Greg Filbeck, William Kelly and Aaron Filbeck pose for a photo at the Finance Day program at Penn State Behrend's Burke Center.

Greg Filbeck, left, director of the Black School of Business at Penn State Behrend, welcomed William Kelly, center, chief executive officer of the Chartered Alternative Investment Analyst Association (CAIA), and Aaron Filbeck, associate director of financial research for CAIA, to the Finance Day program at Penn State Behrend.

Credit: Penn State Behrend

“Most investors want 100% of the upside and zero percent of the down, but that only happens in fantasyland. We need to be thinking about risk as an asset, rather than a liability, because how we manage that risk can make a very big difference.”

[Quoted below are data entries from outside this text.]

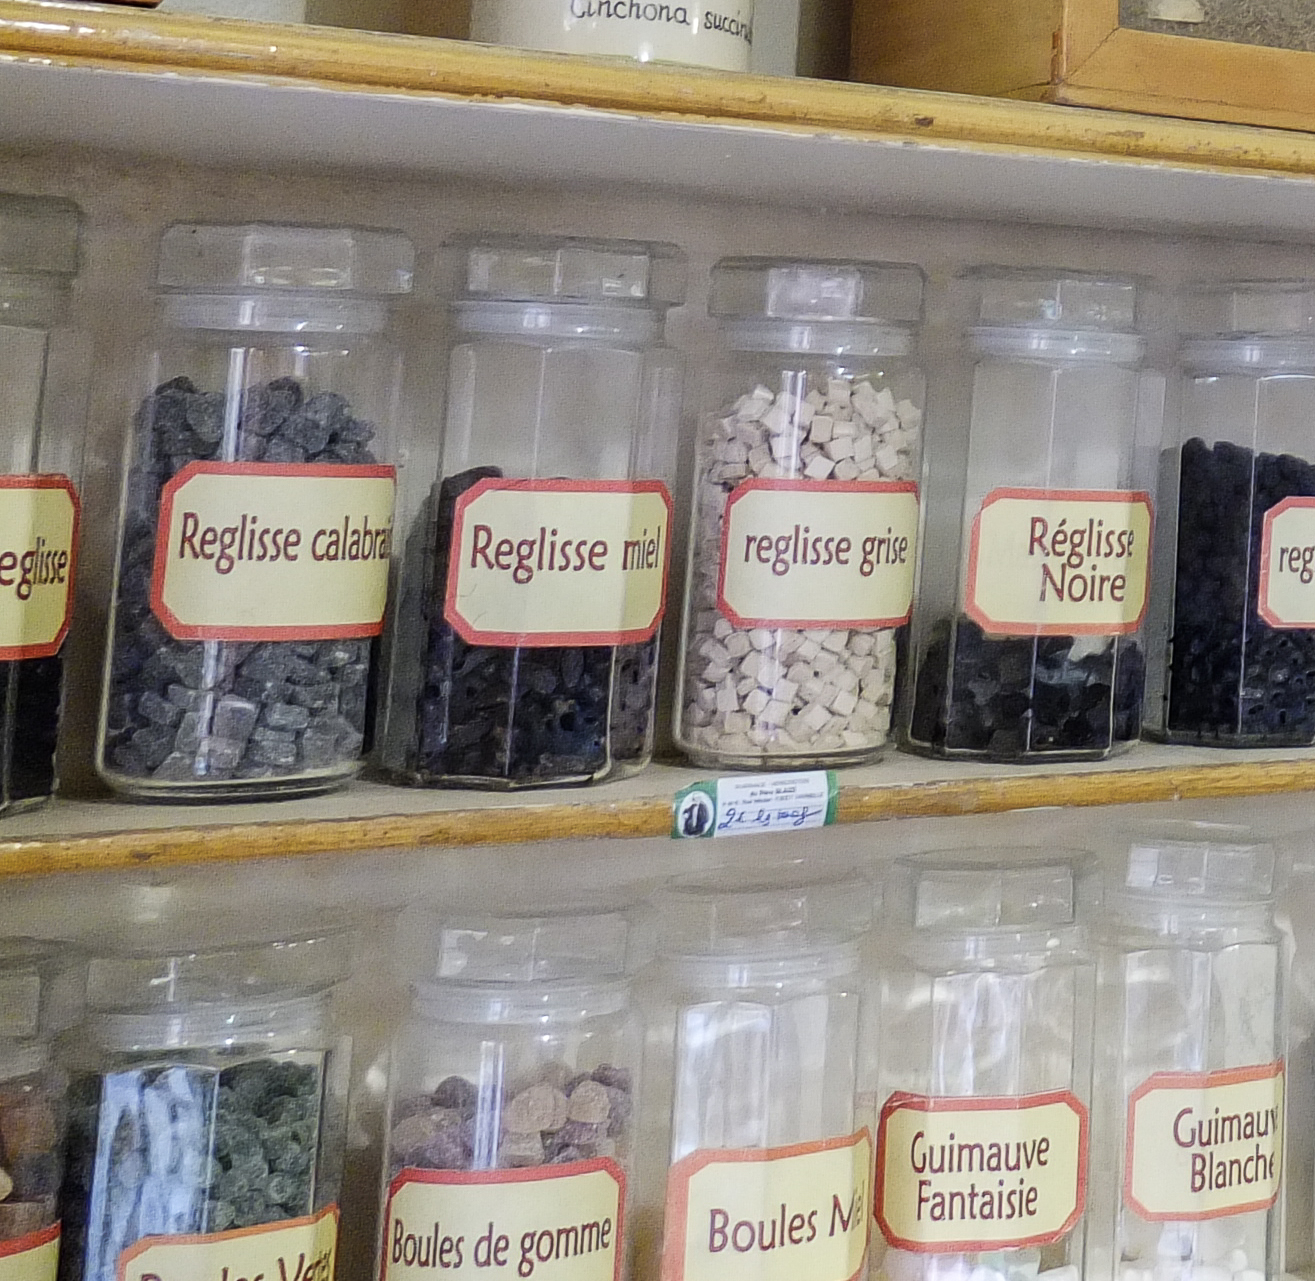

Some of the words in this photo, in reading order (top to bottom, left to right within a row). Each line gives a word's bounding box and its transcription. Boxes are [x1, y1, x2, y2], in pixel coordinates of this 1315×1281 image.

[179, 512, 301, 575] Reglisse
[471, 524, 608, 584] Reglisse
[621, 526, 661, 571] miel
[744, 525, 851, 577] reglisse
[859, 526, 908, 577] grise
[1029, 517, 1134, 566] Réglisse
[0, 537, 68, 600] eglisse
[1040, 562, 1126, 603] Noire
[1172, 1103, 1279, 1149] Guimauv
[910, 1131, 1051, 1175] Guimauve
[915, 1177, 1039, 1223] Fantaisie
[391, 1219, 464, 1271] Boules
[476, 1223, 511, 1268] de
[519, 1216, 613, 1278] gomme
[708, 1203, 818, 1254] Boules

— William Kelly, chief executive officer of the Chartered Alternative Investment Analyst Association (CAIA), during the Finance Day program at Penn State Behrend’s Black School of Business.

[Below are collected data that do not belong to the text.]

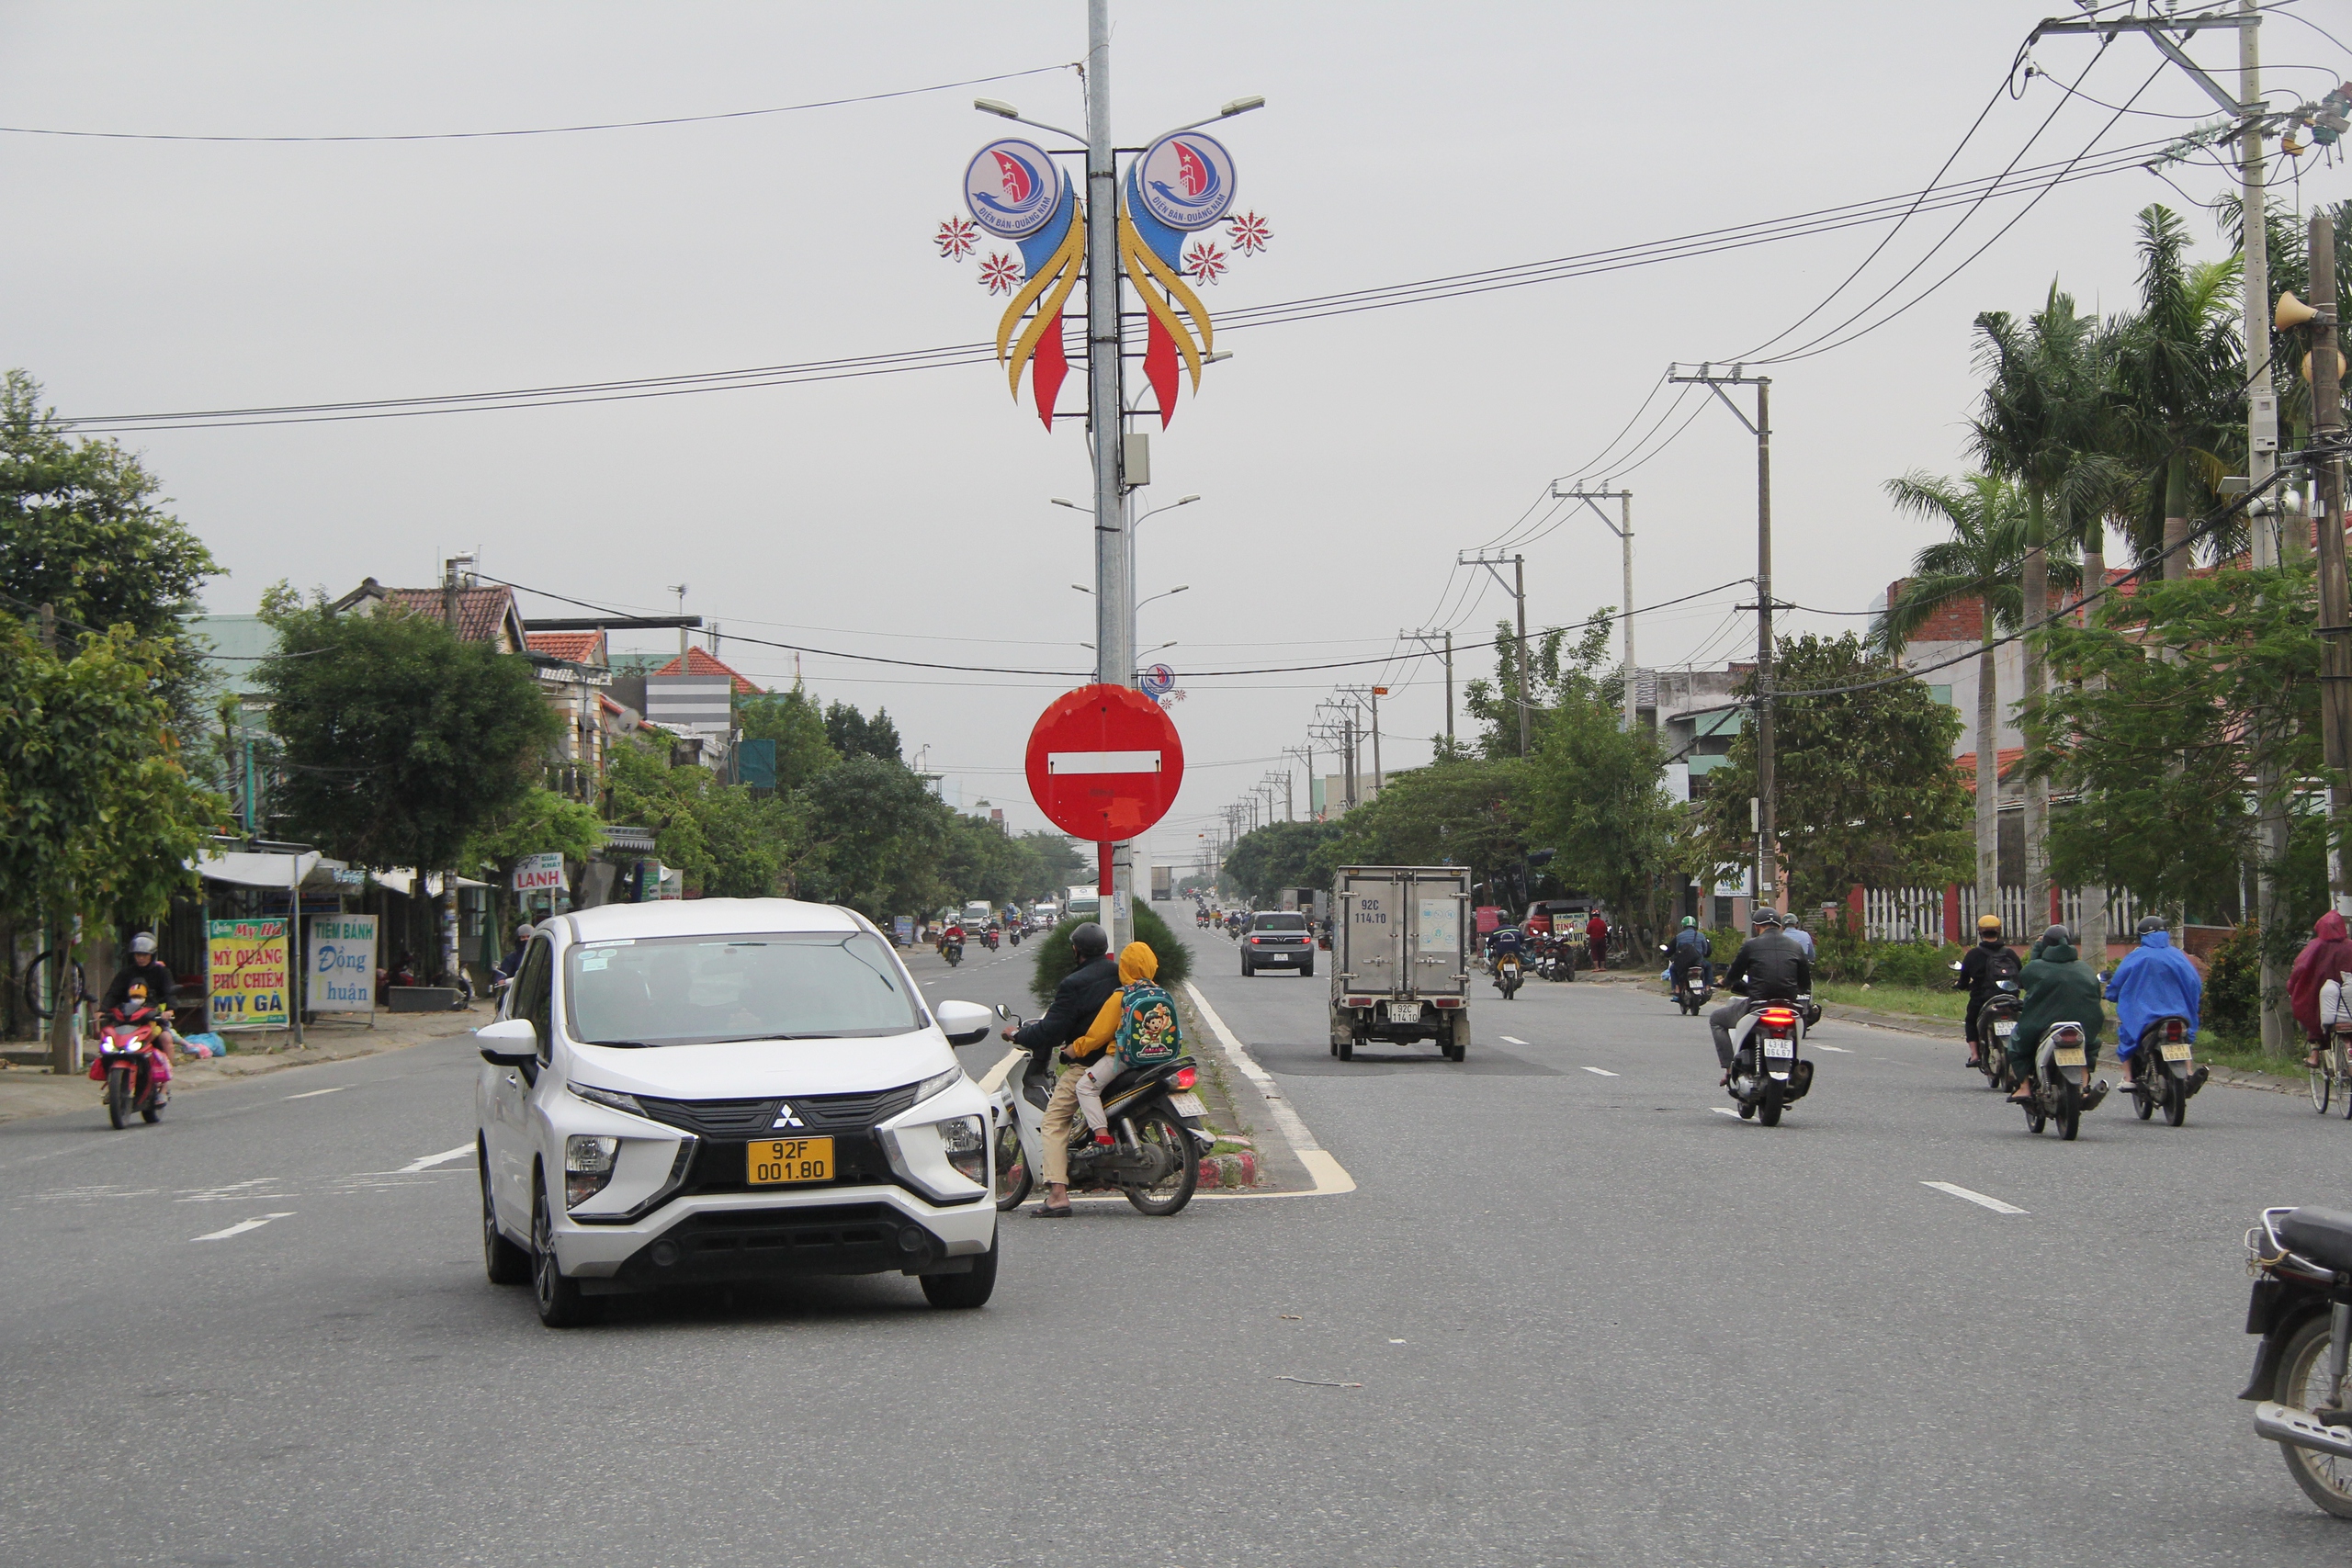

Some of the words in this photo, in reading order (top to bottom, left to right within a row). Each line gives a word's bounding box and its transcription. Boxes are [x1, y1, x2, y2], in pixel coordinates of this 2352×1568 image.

[1036, 197, 1051, 215] NAM
[1213, 193, 1227, 211] NAM
[517, 871, 559, 888] LANH
[1362, 899, 1379, 910] 92C
[1355, 912, 1386, 924] 114.10
[314, 918, 341, 943] TIỆM
[343, 918, 374, 940] BÁNH
[318, 945, 367, 973] Đồng
[254, 990, 283, 1011] GÀ
[1397, 1004, 1412, 1013] 92C
[1393, 1013, 1418, 1022] 114.10
[1766, 1048, 1791, 1057] 064.67
[772, 1141, 808, 1160] 92F
[757, 1160, 824, 1181] 001.80

Kelly has worked in asset management for more than 30 years. At CAIA, he leads a network of more than 11,000 alternative investment experts.

CAIA offers the only credential focused on the alternative investment space, which includes private equity, hedge funds, managed futures and real estate. The association maintains more than 60 academic and associate partnerships, including at Penn State Behrend.

During his visit, Kelly participated in a panel discussion with Aaron Filbeck, a 2015 graduate who is now associate director of financial research at CAIA. The talk was part of the Black School’s Finance Day program, which featured more than 20 companies. More than 100 finance majors attended.

Kelly and Filbeck advised students to refine their “soft skills” — in particular, the ability to communicate — even as they master the fundamentals of finance.

“The technical skills are a baseline,” Filbeck said. “Your ability to talk to people, to pull yourself out of your comfort zone and be curious and grow your network, is what will set you apart.

“There’s going to be a bifurcation between the people who know how to code and those who know how to network,” he said. “The network is enormously important. When a problem comes up, you have people you can lean on.”

“That support is essential,” Kelly said. “When I got out of college, if you had a degree, and maybe a credential, you were set. The expectation is different today. The pace of change, and the innovation, the development, the disruption around alternative data, it’s a constant on-ramp. A diploma is no longer the end of your learning. It’s a ticket onto a treadmill that is moving really fast.”